(Collected data)
*-*-*

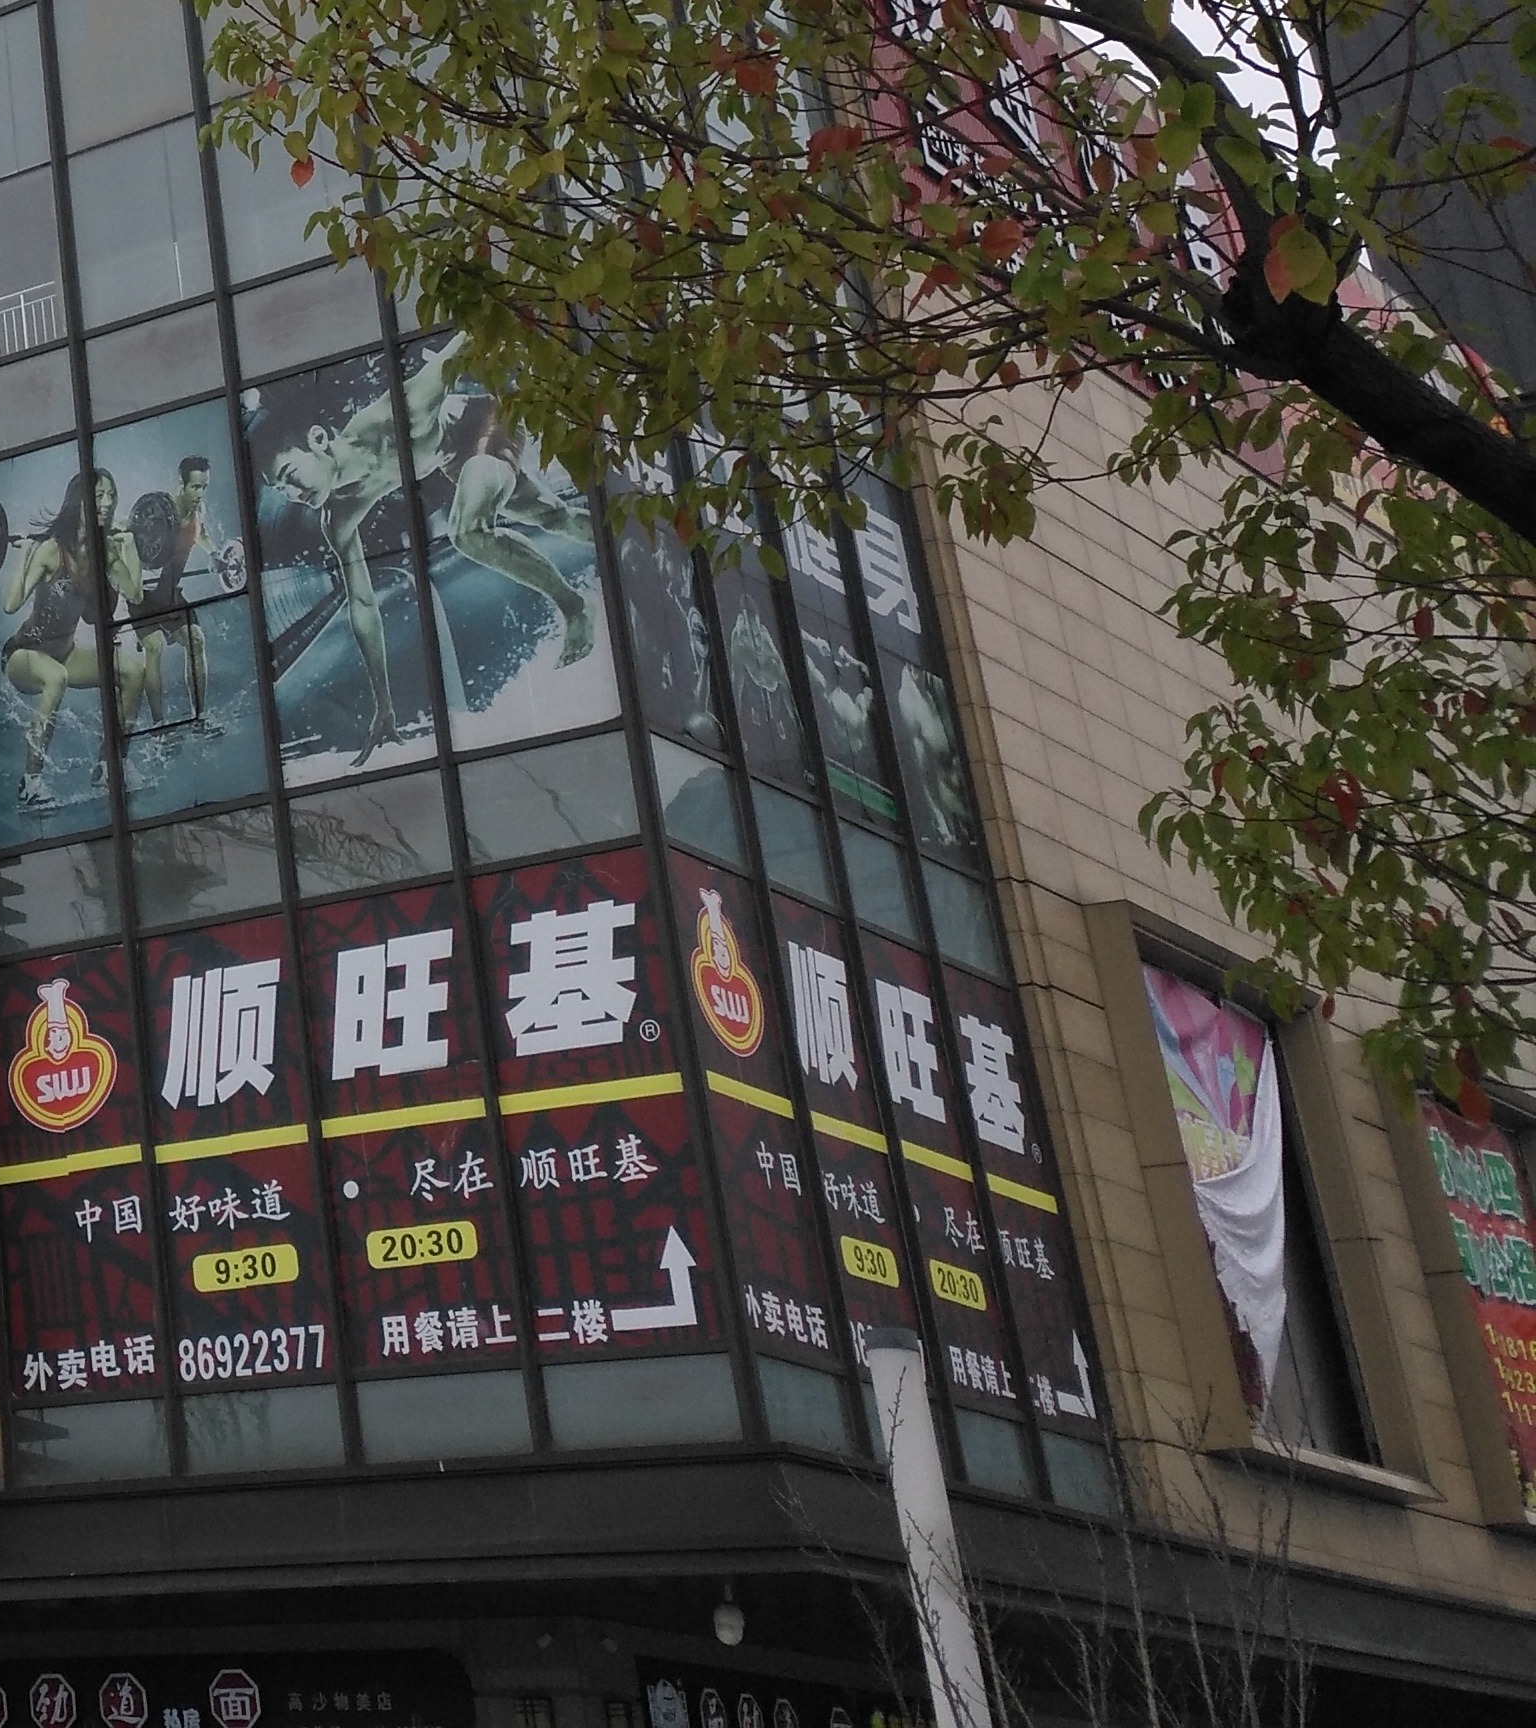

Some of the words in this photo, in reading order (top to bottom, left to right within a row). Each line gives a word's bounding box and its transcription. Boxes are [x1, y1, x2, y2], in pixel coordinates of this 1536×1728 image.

[162, 899, 637, 1110] 顺旺基
[787, 940, 1026, 1156] 顺旺基
[213, 1252, 278, 1286] 9:30
[380, 1227, 465, 1262] 20:30
[853, 1244, 888, 1279] 9:30
[937, 1266, 979, 1304] 20:30
[23, 1334, 156, 1392] 外卖电话
[179, 1324, 326, 1382] 86922377
[382, 1299, 613, 1356] 用餐请上二楼

*-*-*

_What to work on:_
Print each entry exactly, leaving pictures out.

_Exercise result:_
Some of the words in this photo, in reading order (top to bottom, left to right within a row). Each line gives a word's bounding box and its transcription. Boxes are [x1, y1, x2, y2], in pixel coordinates of this 1536×1728 image.

[162, 899, 637, 1110] 顺旺基
[787, 940, 1026, 1156] 顺旺基
[213, 1252, 278, 1286] 9:30
[380, 1227, 465, 1262] 20:30
[853, 1244, 888, 1279] 9:30
[937, 1266, 979, 1304] 20:30
[23, 1334, 156, 1392] 外卖电话
[179, 1324, 326, 1382] 86922377
[382, 1299, 613, 1356] 用餐请上二楼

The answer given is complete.